All feature films will be shown in conjunction with one short film. Before most screenings, Brazilian coffee will be available for audience members, coupled with a chance to meet with some of the films’ actors and directors. All films, with the exception of the children’s program have not yet been rated and may contain scenes of violence, drugs or strong language. Last year’s event brought over 200 moviegoers per showing, from throughout Washington, D.C., Maryland and Virginia. The Embassy of Brazil hopes to match, if not exceed that number for this year’s series.

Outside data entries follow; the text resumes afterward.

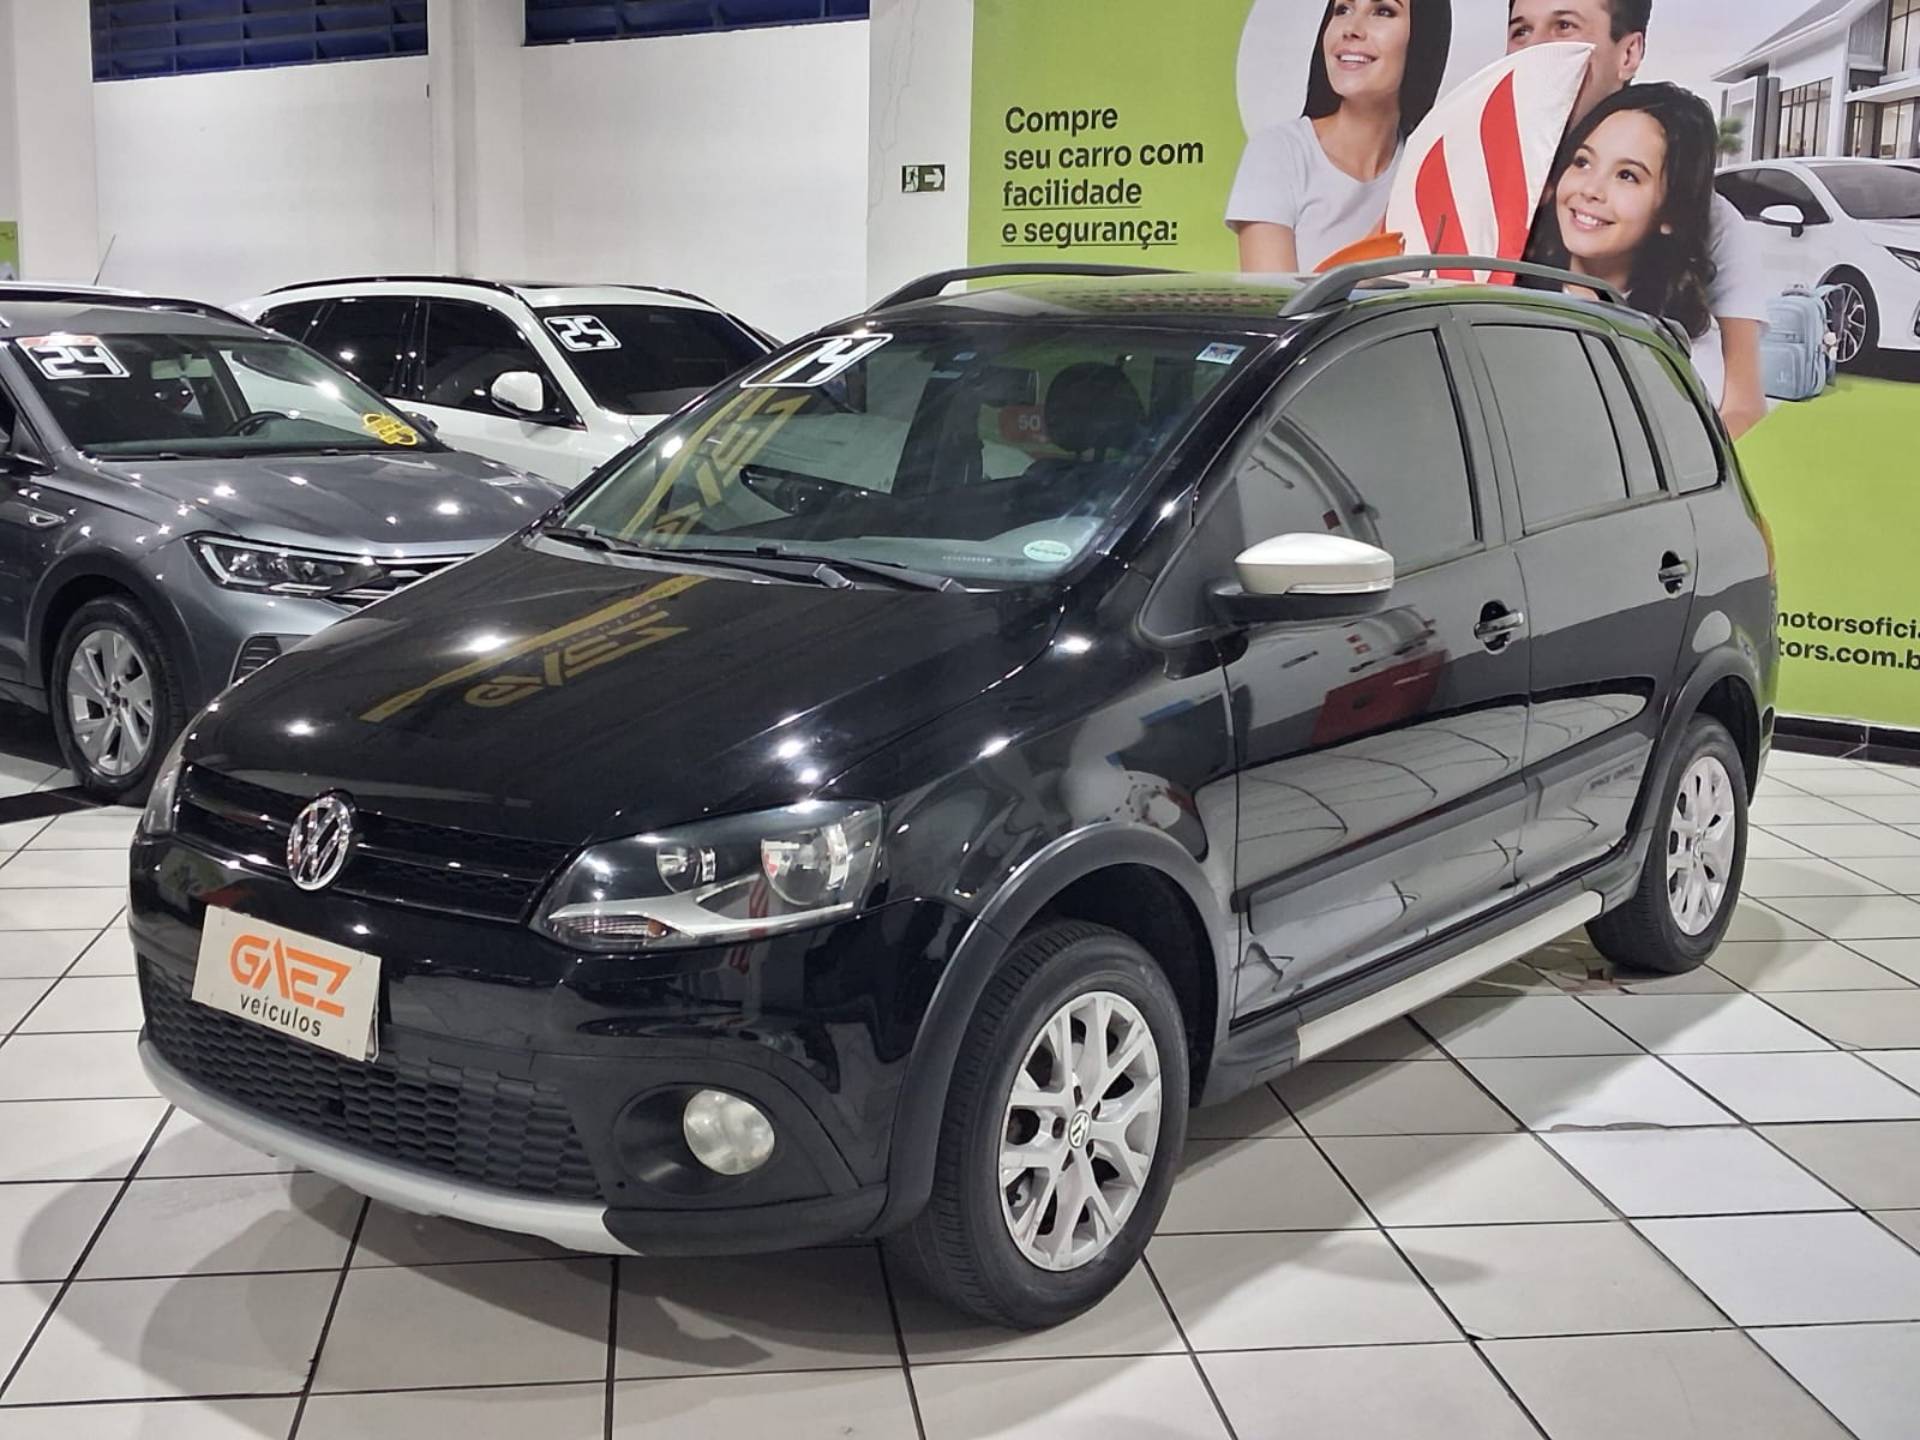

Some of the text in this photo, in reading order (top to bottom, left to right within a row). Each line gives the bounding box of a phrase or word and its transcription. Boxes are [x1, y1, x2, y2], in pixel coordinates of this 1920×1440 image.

[1005, 107, 1118, 136] Compre
[1004, 141, 1204, 170] seu carro com
[1002, 178, 1142, 206] facilidade
[1002, 219, 1178, 249] e segurança:
[549, 317, 616, 349] 25
[29, 345, 122, 376] 24
[1777, 612, 1920, 639] otorsofici
[239, 992, 322, 1038] veículos

TO ATTEND: Seats are on a first come, first served basis, and there is no need to reserve or purchase tickets for any of the shows in the series. The Greenberg Theater is located at 4200 Wisconsin Ave, NW, at the corner of Van Ness St. It is in close proximity to the Tenleytown/AU Metro station, on the Red Line. Additionally, an Opening Night reception will be held on Wednesday, December 2 at 7:00pm. For more information on the festival, please visit The full schedule of films follows.

The Greenberg Theater:
4200 Wisconsin Ave NW Washington, D.C.

Wednesday , Dec 2
Opening Night reception
Opening Night Feature Film – Time of Fear/Salve Geral- Brazil’s Submission for the 2010 Oscar Nominees

Thursday, Dec 3
6:15PM -6:45PM     
Free Brazilian Coffee
Vultures have Wings/Urubus têm Asas (short documentary)
Cinderellas, Wolves and a Prince Charming/Cinderelas, Lobos e um Príncipe Encantado (documentary)

Friday, Dec 4
Dossier Re Bordosa /Dossiê Rê Bordosa (short film)
Retribution/Vingança (feature film)

8:30PM -9:00PM    
Free Brazilian Coffee
Bliss/O Teu Sorriso (short film)
Contretemps/Contratempo (documentary)

Saturday, Dec 5
The Island/A Ilha (Children’s animated short film)
The Happy Cricket and the Giant Bugs/O Grilo Feliz e os Insetos Gigantes (Children’s animated film)
3:30PM to 4:00 PM     
Brazilian snacks for kids

5:30PM - 6:00PM    
Free Brazilian Coffee
Blackout/Blackout (short film)
The Man who Bottled Clouds/O Homem que Engarrafava Nuvens (documentary)

8:00PM- 8:30PM     
Free Brazilian Coffee
Day in, Day Out/Cotidiano (short film)
In Therapy/Divã (feature film)

Sunday, Dec 6
Almost Everyday/Quase todo Dia (short film)
The Story of Me/O Contador de Histórias (feature film)
Closing Reception

The National Gallery of Art:
401 Constitution Ave, NW Washington, D.C.

Sunday, Dec 6
Black Orpheus/Orfeu Negro
A special program presented in collaboration with the National Gallery of Art Film Department and La Maison Française in celebration of the 50th Anniversary of the film’s Palme d'Or Award- the highest prize offered at the Cannes Film Festival.